- **WORK TASK**:
Output the data below exactly, without images.
##########
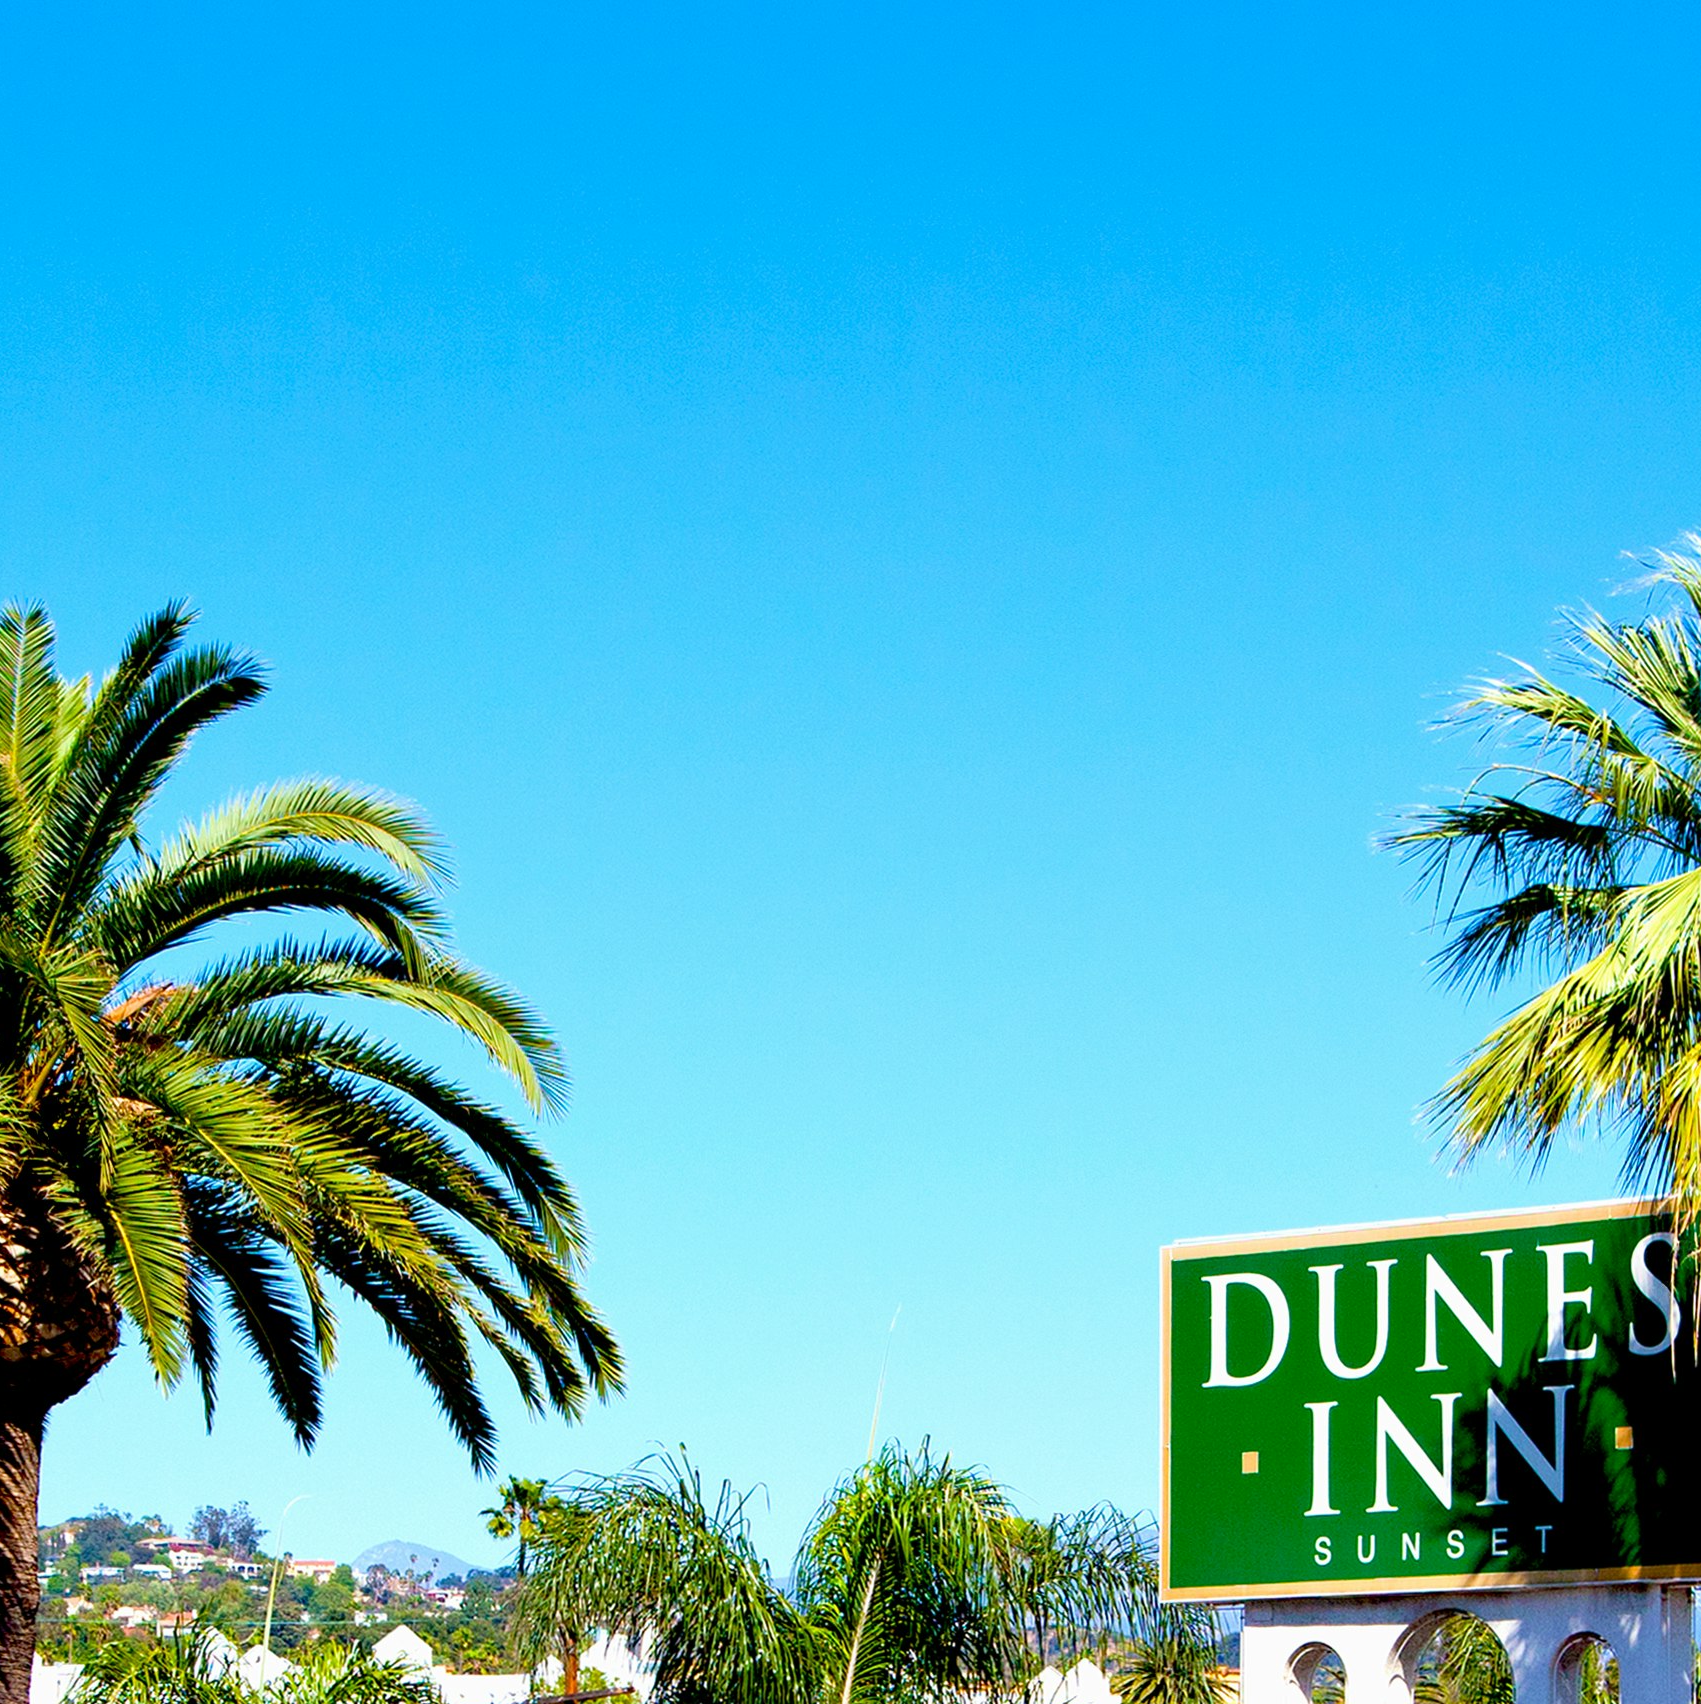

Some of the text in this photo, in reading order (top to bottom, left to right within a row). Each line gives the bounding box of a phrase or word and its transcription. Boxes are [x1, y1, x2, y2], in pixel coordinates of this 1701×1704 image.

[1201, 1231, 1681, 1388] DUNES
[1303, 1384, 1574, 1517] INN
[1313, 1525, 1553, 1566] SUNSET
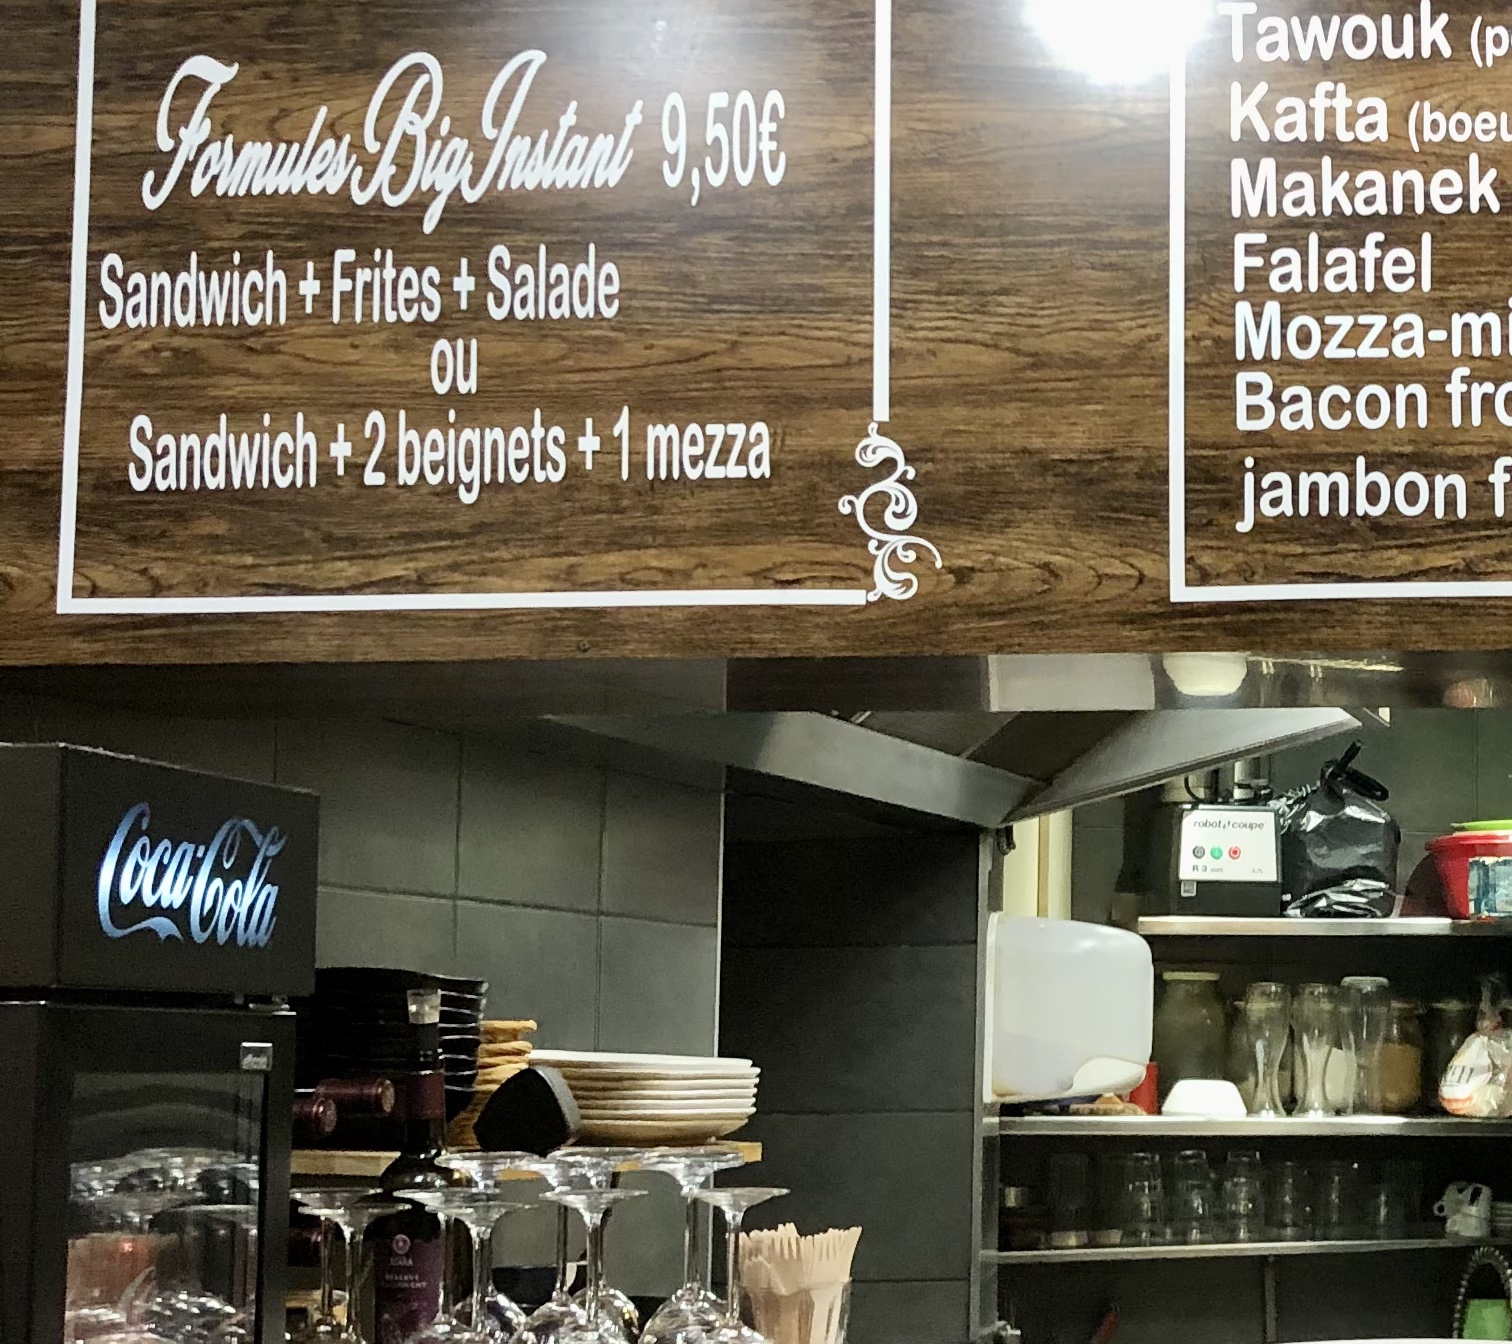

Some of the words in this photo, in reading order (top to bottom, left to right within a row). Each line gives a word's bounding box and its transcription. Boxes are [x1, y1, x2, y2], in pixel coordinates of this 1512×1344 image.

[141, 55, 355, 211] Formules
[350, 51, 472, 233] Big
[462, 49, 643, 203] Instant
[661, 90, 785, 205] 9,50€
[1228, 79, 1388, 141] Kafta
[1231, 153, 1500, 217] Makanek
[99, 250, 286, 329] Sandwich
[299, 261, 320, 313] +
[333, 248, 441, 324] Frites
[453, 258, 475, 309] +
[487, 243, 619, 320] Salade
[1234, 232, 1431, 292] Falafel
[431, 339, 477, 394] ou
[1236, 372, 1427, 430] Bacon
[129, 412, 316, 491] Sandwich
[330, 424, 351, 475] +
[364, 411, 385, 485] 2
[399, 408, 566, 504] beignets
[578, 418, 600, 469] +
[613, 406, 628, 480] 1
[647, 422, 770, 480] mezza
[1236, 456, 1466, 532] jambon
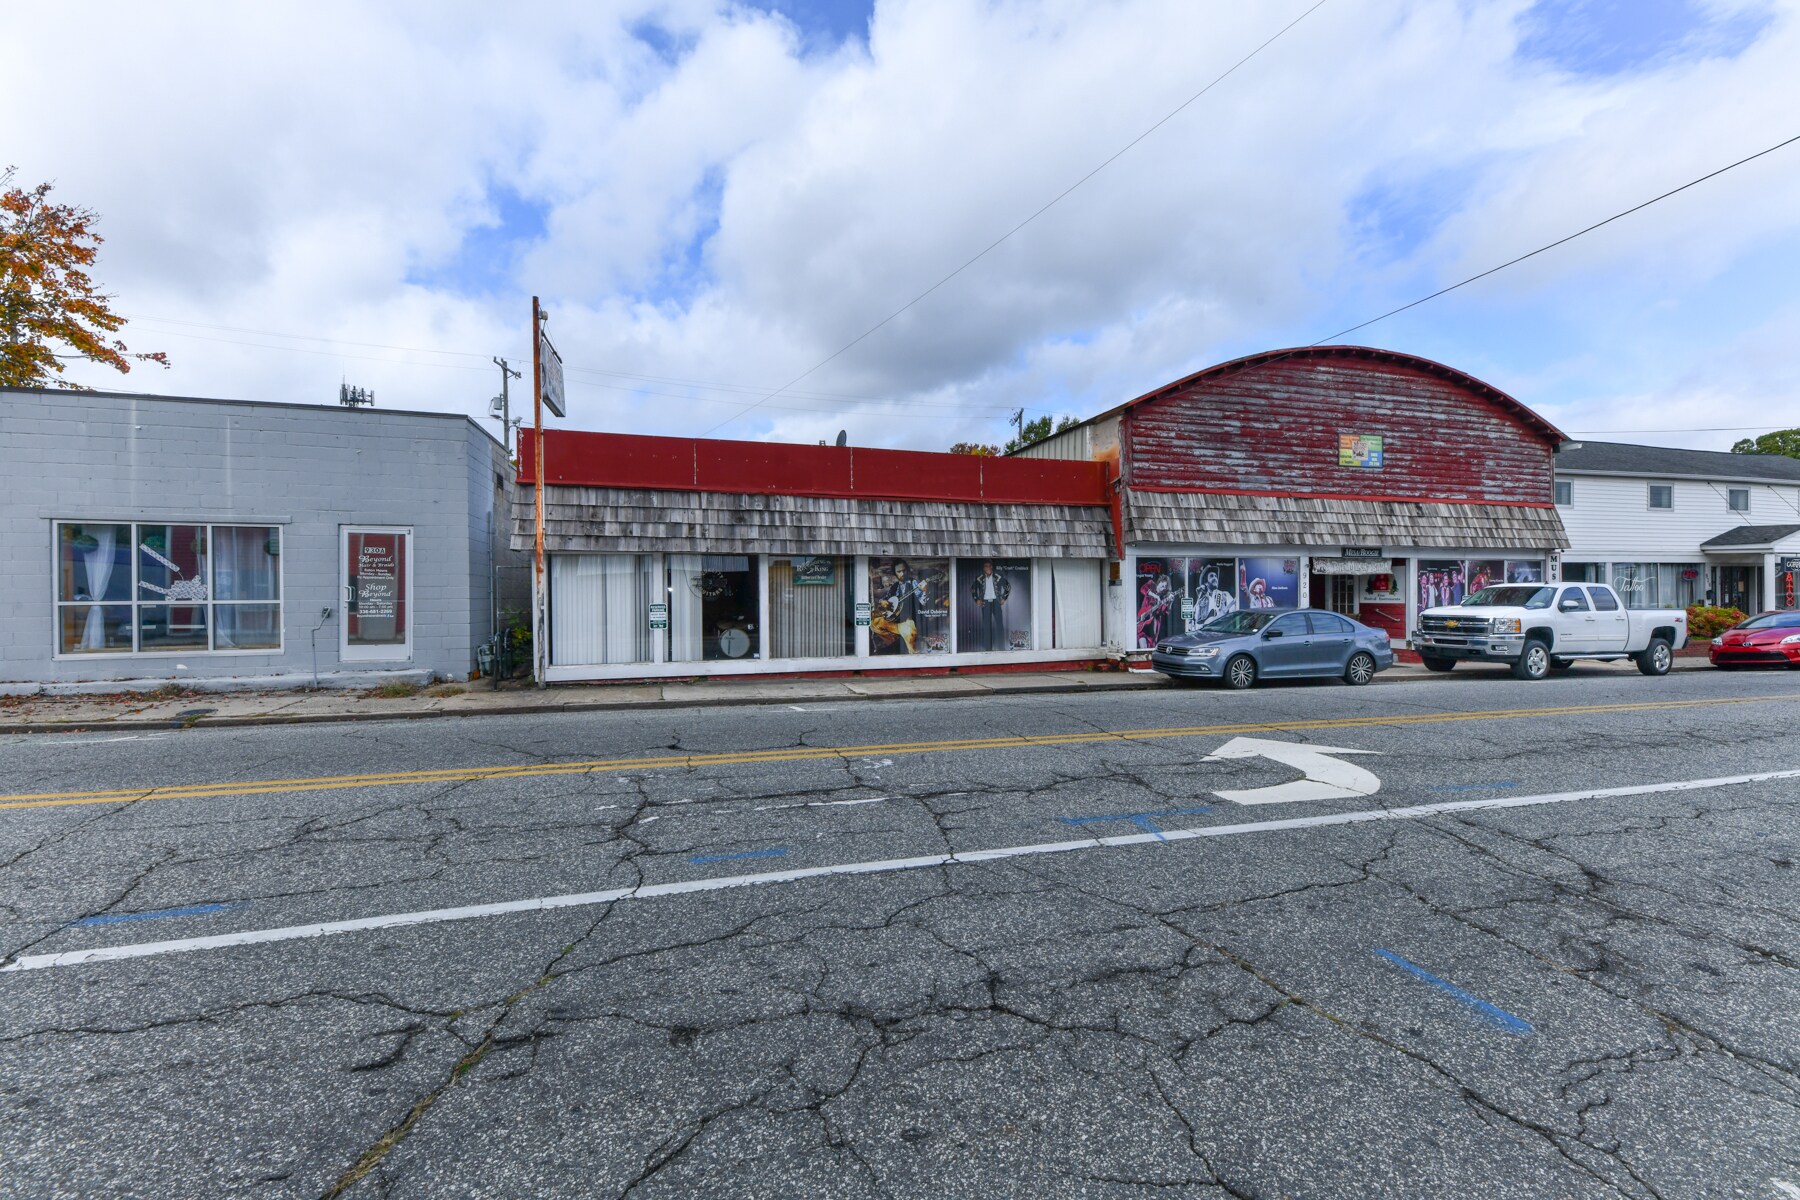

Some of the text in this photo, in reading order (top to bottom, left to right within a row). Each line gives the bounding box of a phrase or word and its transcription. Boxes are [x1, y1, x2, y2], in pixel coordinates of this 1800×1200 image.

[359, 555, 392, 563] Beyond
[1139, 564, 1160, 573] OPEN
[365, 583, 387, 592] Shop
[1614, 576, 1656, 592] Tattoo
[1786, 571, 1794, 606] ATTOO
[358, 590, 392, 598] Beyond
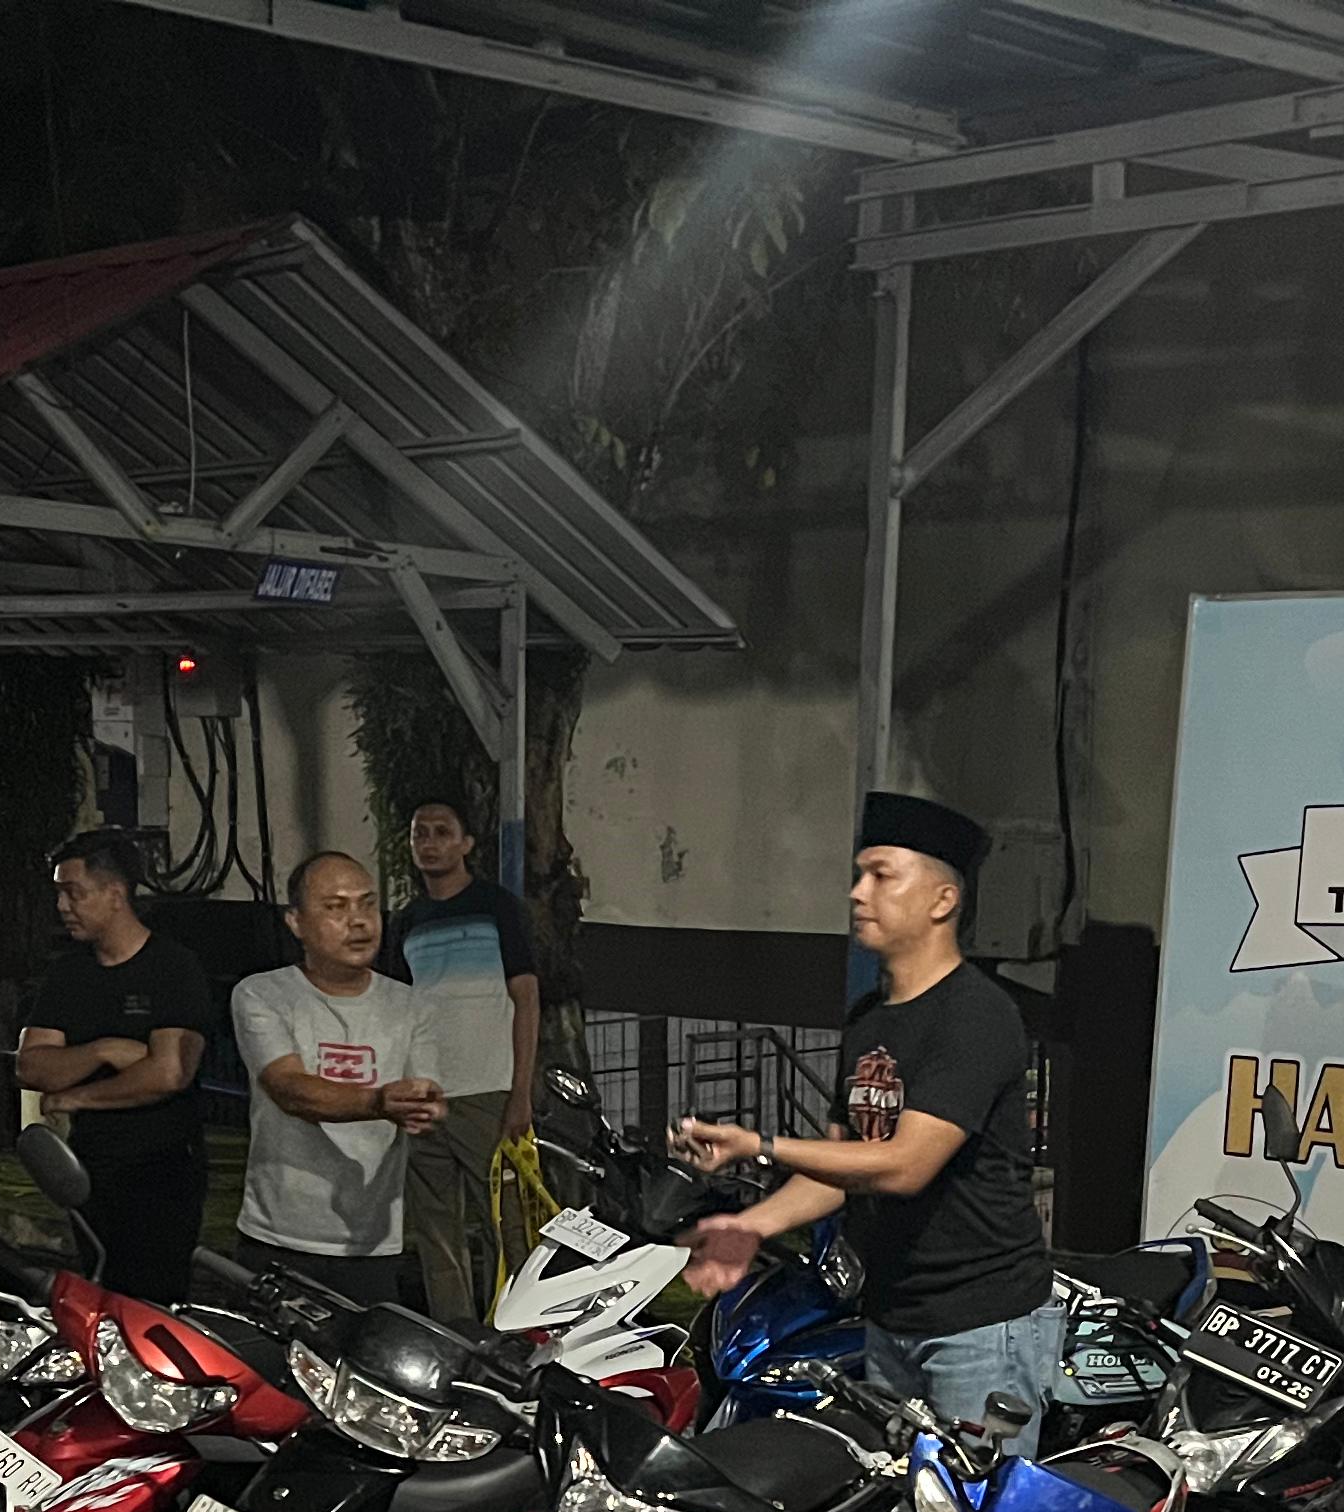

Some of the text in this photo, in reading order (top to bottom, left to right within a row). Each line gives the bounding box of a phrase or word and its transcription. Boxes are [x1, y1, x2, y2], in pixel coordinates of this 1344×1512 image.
##########
- **EXERCISE ANSWER**:
Some of the text in this photo, in reading order (top to bottom, left to right within a row). Each line gives the bounding box of a phrase or word and its transcription. Boxes are [x1, y1, x2, y2], in pixel coordinates of this 1701×1704 image.

[1201, 1231, 1681, 1388] DUNES
[1303, 1384, 1574, 1517] INN
[1313, 1525, 1553, 1566] SUNSET

Some of the words in this photo, in reading order (top to bottom, left to right within a row). Each line gives a word's bounding box and its transcription. Boxes are [x1, y1, x2, y2], in pixel coordinates of this 1512×1344 image.

[141, 55, 355, 211] Formules
[350, 51, 472, 233] Big
[462, 49, 643, 203] Instant
[661, 90, 785, 205] 9,50€
[1228, 79, 1388, 141] Kafta
[1231, 153, 1500, 217] Makanek
[99, 250, 286, 329] Sandwich
[299, 261, 320, 313] +
[333, 248, 441, 324] Frites
[453, 258, 475, 309] +
[487, 243, 619, 320] Salade
[1234, 232, 1431, 292] Falafel
[431, 339, 477, 394] ou
[1236, 372, 1427, 430] Bacon
[129, 412, 316, 491] Sandwich
[330, 424, 351, 475] +
[364, 411, 385, 485] 2
[399, 408, 566, 504] beignets
[578, 418, 600, 469] +
[613, 406, 628, 480] 1
[647, 422, 770, 480] mezza
[1236, 456, 1466, 532] jambon

Some of the text in this photo, in reading order (top to bottom, left to right within a row). Each line gives the bounding box of a phrase or word and its transcription. Boxes are [x1, y1, x2, y2], in pixel coordinates of this 1800×1200 image.

[359, 555, 392, 563] Beyond
[1139, 564, 1160, 573] OPEN
[365, 583, 387, 592] Shop
[1614, 576, 1656, 592] Tattoo
[1786, 571, 1794, 606] ATTOO
[358, 590, 392, 598] Beyond

Some of the text in this photo, in reading order (top to bottom, left to right within a row). Each line gives the bounding box of a phrase or word and its transcription. Boxes are [x1, y1, x2, y2], in pixel coordinates of this 1344×1512 image.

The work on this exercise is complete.